» Records from a data collection
=-=-=

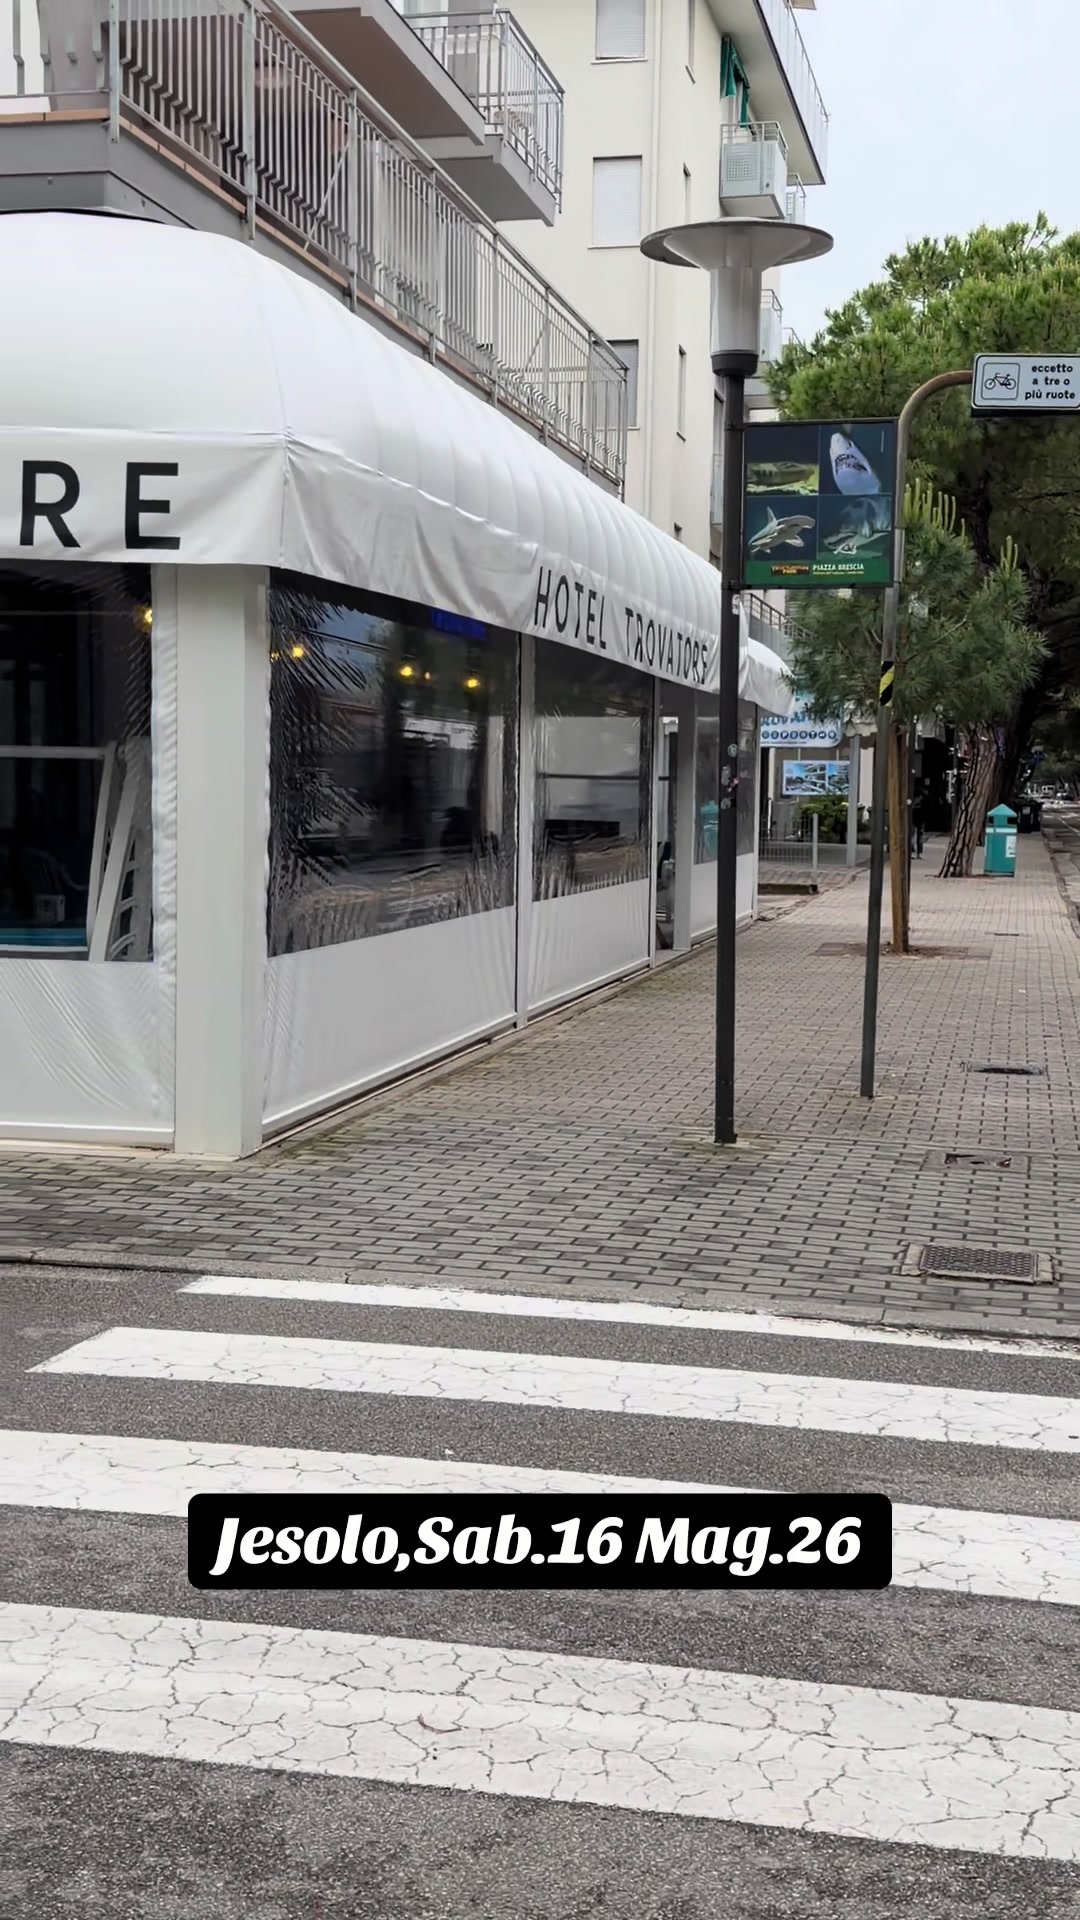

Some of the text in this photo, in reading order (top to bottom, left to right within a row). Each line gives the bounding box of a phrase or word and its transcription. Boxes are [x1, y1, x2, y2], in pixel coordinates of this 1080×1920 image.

[1031, 363, 1073, 373] eccetto
[1045, 376, 1060, 385] tre
[1063, 378, 1070, 386] o
[1025, 389, 1076, 401] più ruote
[838, 563, 865, 571] BRESCIA
[534, 566, 708, 684] HOTEL TROVATORE

=-=-=

» Task objective
An exact copy of the entries above is needed, with the pictures removed.

» Solution
Some of the text in this photo, in reading order (top to bottom, left to right within a row). Each line gives the bounding box of a phrase or word and its transcription. Boxes are [x1, y1, x2, y2], in pixel coordinates of this 1080×1920 image.

[1031, 363, 1073, 373] eccetto
[1045, 376, 1060, 385] tre
[1063, 378, 1070, 386] o
[1025, 389, 1076, 401] più ruote
[838, 563, 865, 571] BRESCIA
[534, 566, 708, 684] HOTEL TROVATORE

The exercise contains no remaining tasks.